[Phrase grounding data]

****

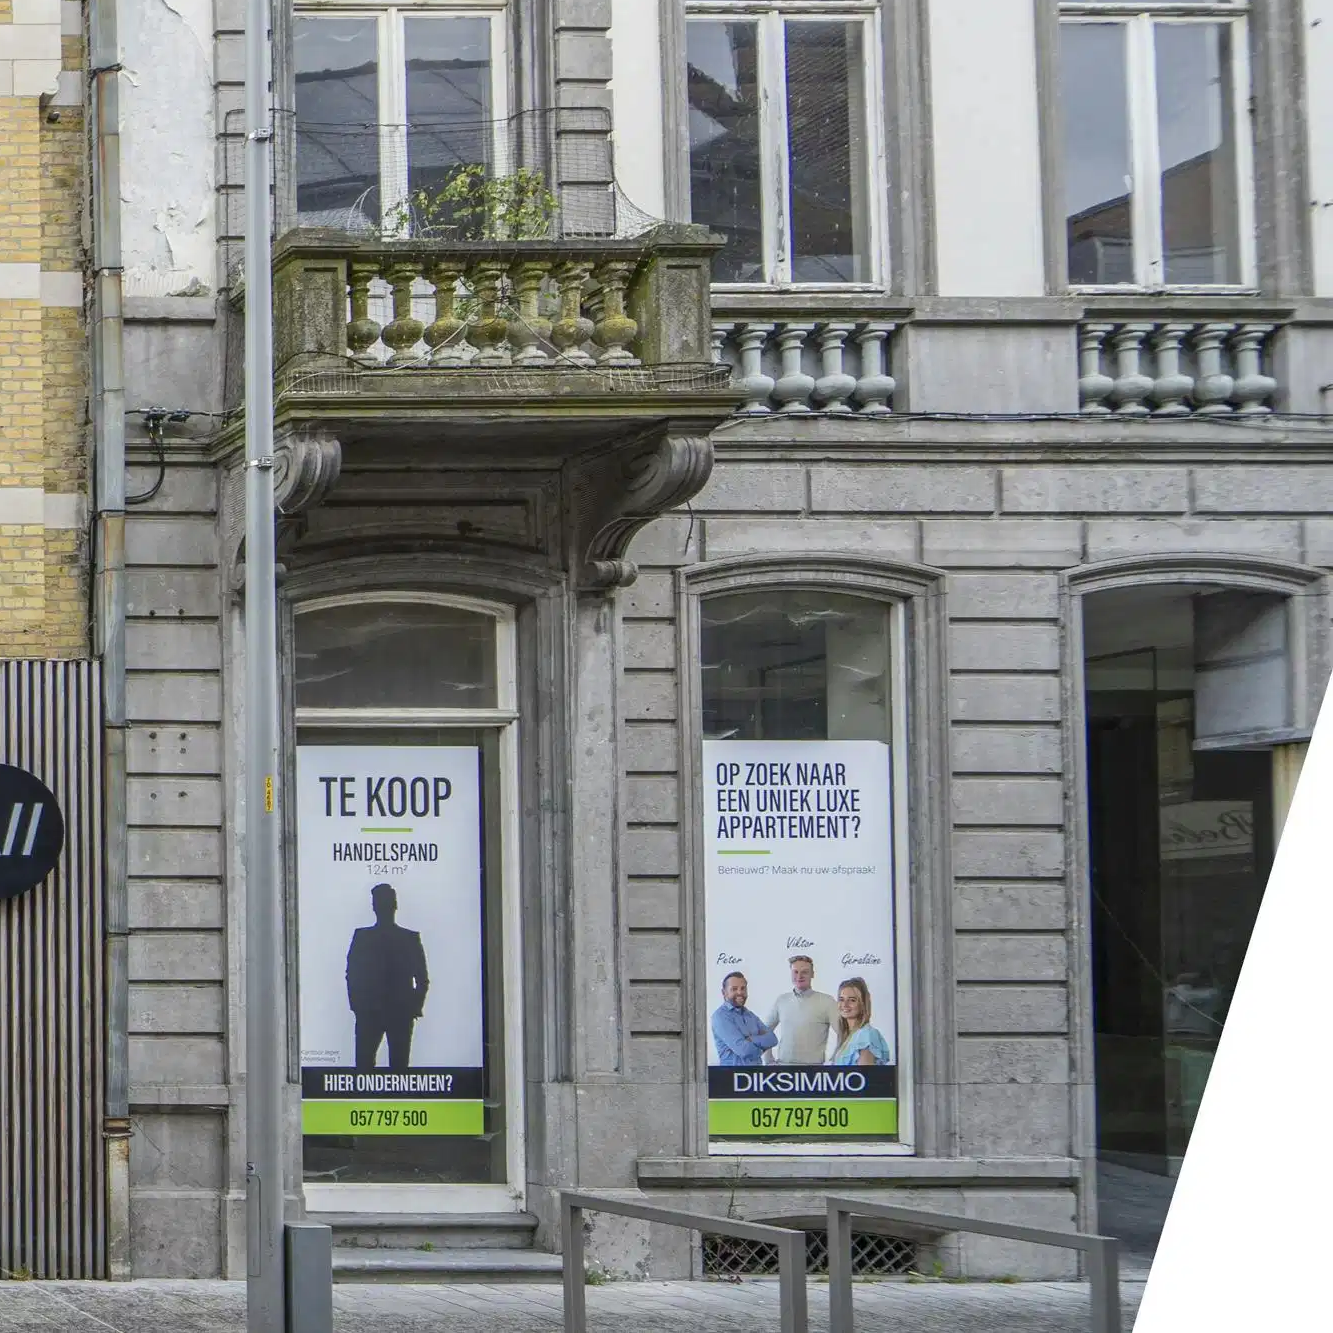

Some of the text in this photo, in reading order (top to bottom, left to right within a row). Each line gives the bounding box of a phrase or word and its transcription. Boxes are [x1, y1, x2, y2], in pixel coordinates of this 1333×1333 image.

[716, 762, 846, 786] OP ZOEK NAAR
[319, 776, 452, 817] TE KOOP
[717, 789, 860, 812] EEN UNIEK LUXE
[717, 815, 861, 839] APPARTEMENT?
[333, 842, 438, 862] HANDELSPAND
[367, 865, 389, 875] 124
[718, 865, 769, 875] Benieuwd?
[771, 866, 798, 875] Maak
[832, 865, 876, 877] afspraak!
[786, 936, 815, 949] Viktor
[716, 952, 744, 965] Peter
[324, 1074, 453, 1092] HIER ONDERNEMEN?
[733, 1071, 866, 1092] DIKSIMMO
[350, 1110, 428, 1126] 057 797 500
[751, 1107, 849, 1127] 057 797 500
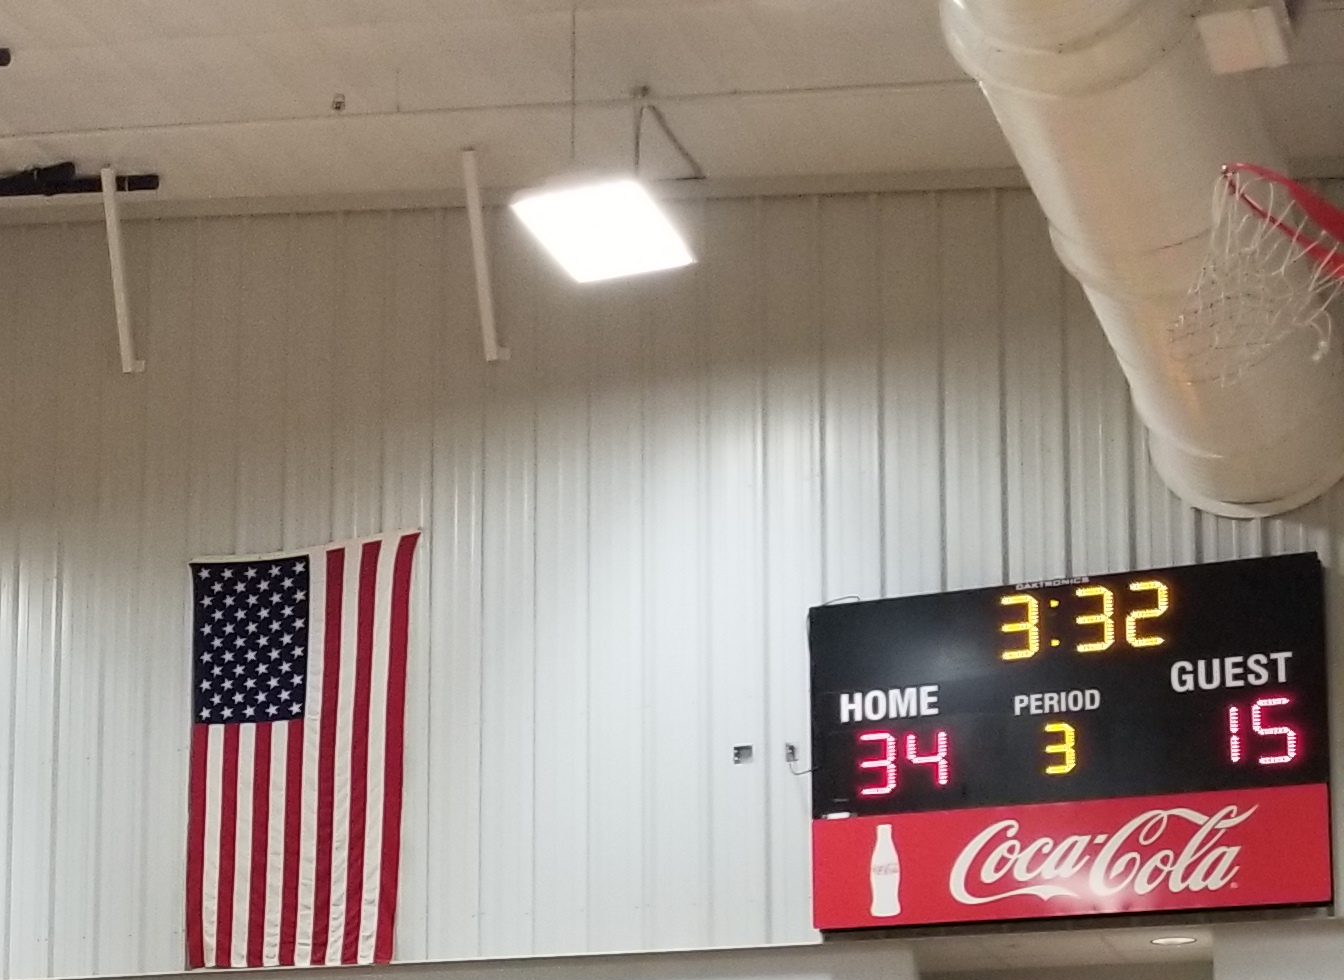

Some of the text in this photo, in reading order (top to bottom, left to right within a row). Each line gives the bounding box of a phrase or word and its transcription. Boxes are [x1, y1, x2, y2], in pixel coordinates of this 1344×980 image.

[1001, 580, 1169, 660] 3:32
[1170, 652, 1293, 693] GUEST
[840, 685, 940, 723] HOME
[1014, 689, 1101, 717] PERIOD
[1227, 697, 1298, 765] 15
[858, 730, 950, 796] 34
[1044, 721, 1077, 775] 3
[949, 804, 1259, 905] Coca-Cola
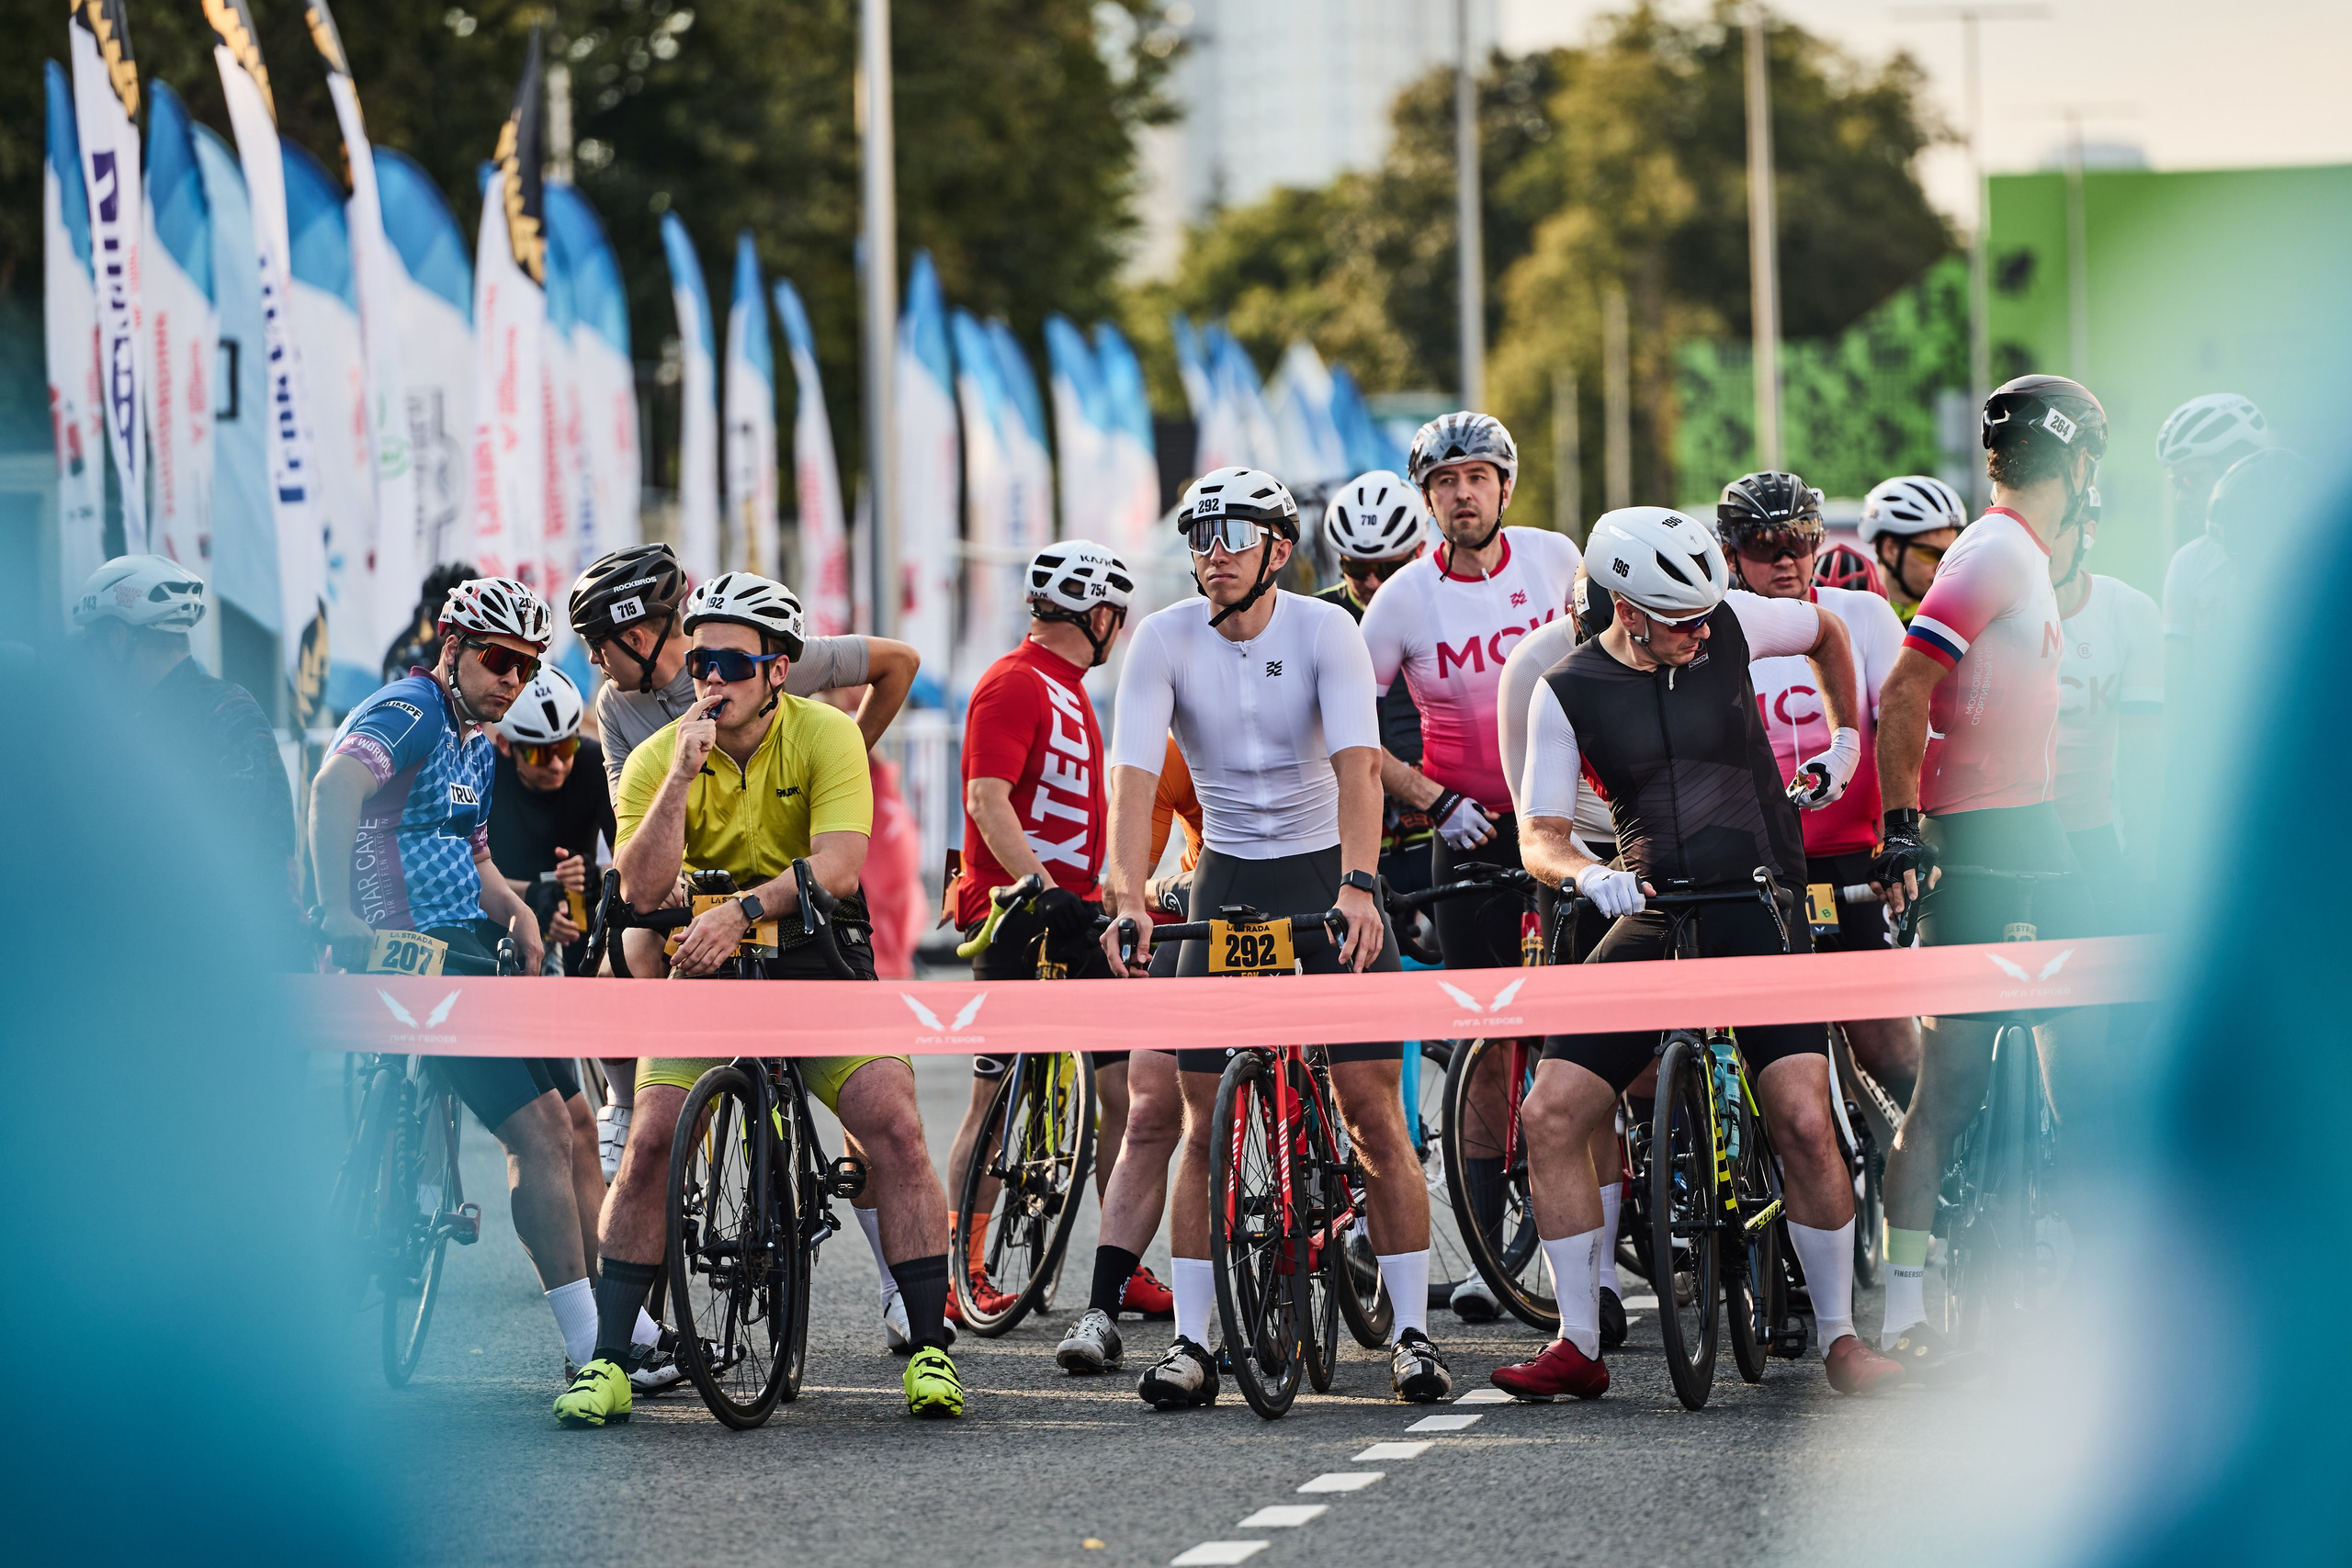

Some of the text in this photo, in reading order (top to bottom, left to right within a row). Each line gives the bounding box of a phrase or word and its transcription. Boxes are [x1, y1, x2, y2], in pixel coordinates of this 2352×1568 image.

[2050, 415, 2071, 437] 264
[1198, 498, 1219, 513] 292
[1361, 514, 1377, 525] 710
[1662, 516, 1682, 528] 196
[1080, 555, 1112, 568] KASK
[1612, 557, 1630, 578] 196
[613, 576, 657, 593] ROCKBROS
[1091, 582, 1106, 597] 754
[616, 601, 637, 619] 715
[706, 597, 724, 610] 192
[356, 873, 386, 924] STAR
[1822, 908, 1831, 918] B
[401, 933, 433, 945] STRADA
[1226, 933, 1277, 967] 292
[382, 940, 435, 976] 207
[2000, 987, 2072, 998] ЛИГА ГЕРОЕВ
[1453, 1016, 1523, 1027] ЛИГА ГЕРОЕВ
[390, 1034, 458, 1043] ЛИГА ГЕРОЕВ
[945, 1035, 985, 1043] ГЕРОЕВ
[1278, 1118, 1291, 1193] CANYON
[1758, 1201, 1783, 1230] SCOTT

****

(Requirement): The required answer is the line with "this 2352×1568 image." plus every line after it to the end of the entries above, transcribed exactly.

(Task solution):
Some of the text in this photo, in reading order (top to bottom, left to right within a row). Each line gives the bounding box of a phrase or word and its transcription. Boxes are [x1, y1, x2, y2], in pixel coordinates of this 2352×1568 image.

[2050, 415, 2071, 437] 264
[1198, 498, 1219, 513] 292
[1361, 514, 1377, 525] 710
[1662, 516, 1682, 528] 196
[1080, 555, 1112, 568] KASK
[1612, 557, 1630, 578] 196
[613, 576, 657, 593] ROCKBROS
[1091, 582, 1106, 597] 754
[616, 601, 637, 619] 715
[706, 597, 724, 610] 192
[356, 873, 386, 924] STAR
[1822, 908, 1831, 918] B
[401, 933, 433, 945] STRADA
[1226, 933, 1277, 967] 292
[382, 940, 435, 976] 207
[2000, 987, 2072, 998] ЛИГА ГЕРОЕВ
[1453, 1016, 1523, 1027] ЛИГА ГЕРОЕВ
[390, 1034, 458, 1043] ЛИГА ГЕРОЕВ
[945, 1035, 985, 1043] ГЕРОЕВ
[1278, 1118, 1291, 1193] CANYON
[1758, 1201, 1783, 1230] SCOTT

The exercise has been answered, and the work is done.